Spatial localization data
== == ==

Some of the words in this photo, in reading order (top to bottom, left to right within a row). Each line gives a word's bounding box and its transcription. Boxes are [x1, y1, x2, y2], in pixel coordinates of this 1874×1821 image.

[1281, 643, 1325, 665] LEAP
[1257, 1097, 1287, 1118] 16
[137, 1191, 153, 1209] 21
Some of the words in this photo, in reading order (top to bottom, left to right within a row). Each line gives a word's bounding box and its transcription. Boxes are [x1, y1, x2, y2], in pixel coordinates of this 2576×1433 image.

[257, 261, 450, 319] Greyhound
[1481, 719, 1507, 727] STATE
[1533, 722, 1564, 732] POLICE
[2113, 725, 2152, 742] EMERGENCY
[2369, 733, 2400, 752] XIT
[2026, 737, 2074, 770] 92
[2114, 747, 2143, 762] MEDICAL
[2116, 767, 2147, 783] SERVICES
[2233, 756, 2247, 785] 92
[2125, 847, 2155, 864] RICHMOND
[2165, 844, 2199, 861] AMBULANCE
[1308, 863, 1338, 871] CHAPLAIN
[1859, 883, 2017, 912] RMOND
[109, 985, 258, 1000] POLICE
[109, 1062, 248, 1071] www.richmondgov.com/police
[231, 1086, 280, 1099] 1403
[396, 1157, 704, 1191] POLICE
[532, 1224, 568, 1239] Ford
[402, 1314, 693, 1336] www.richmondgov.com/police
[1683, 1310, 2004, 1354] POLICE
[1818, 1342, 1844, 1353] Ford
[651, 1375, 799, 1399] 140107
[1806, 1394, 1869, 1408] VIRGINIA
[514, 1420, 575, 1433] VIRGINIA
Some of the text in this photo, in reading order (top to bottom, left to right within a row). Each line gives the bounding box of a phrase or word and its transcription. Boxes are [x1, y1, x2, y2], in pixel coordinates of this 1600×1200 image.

== == ==

Exercise directions: Nothing should be omitted or altered. Retype the records exactly.

Task response:
Some of the words in this photo, in reading order (top to bottom, left to right within a row). Each line gives a word's bounding box and its transcription. Boxes are [x1, y1, x2, y2], in pixel coordinates of this 1874×1821 image.

[1281, 643, 1325, 665] LEAP
[1257, 1097, 1287, 1118] 16
[137, 1191, 153, 1209] 21
Some of the words in this photo, in reading order (top to bottom, left to right within a row). Each line gives a word's bounding box and its transcription. Boxes are [x1, y1, x2, y2], in pixel coordinates of this 2576×1433 image.

[257, 261, 450, 319] Greyhound
[1481, 719, 1507, 727] STATE
[1533, 722, 1564, 732] POLICE
[2113, 725, 2152, 742] EMERGENCY
[2369, 733, 2400, 752] XIT
[2026, 737, 2074, 770] 92
[2114, 747, 2143, 762] MEDICAL
[2116, 767, 2147, 783] SERVICES
[2233, 756, 2247, 785] 92
[2125, 847, 2155, 864] RICHMOND
[2165, 844, 2199, 861] AMBULANCE
[1308, 863, 1338, 871] CHAPLAIN
[1859, 883, 2017, 912] RMOND
[109, 985, 258, 1000] POLICE
[109, 1062, 248, 1071] www.richmondgov.com/police
[231, 1086, 280, 1099] 1403
[396, 1157, 704, 1191] POLICE
[532, 1224, 568, 1239] Ford
[402, 1314, 693, 1336] www.richmondgov.com/police
[1683, 1310, 2004, 1354] POLICE
[1818, 1342, 1844, 1353] Ford
[651, 1375, 799, 1399] 140107
[1806, 1394, 1869, 1408] VIRGINIA
[514, 1420, 575, 1433] VIRGINIA
Some of the text in this photo, in reading order (top to bottom, left to right within a row). Each line gives the bounding box of a phrase or word and its transcription. Boxes are [x1, y1, x2, y2], in pixel coordinates of this 1600×1200 image.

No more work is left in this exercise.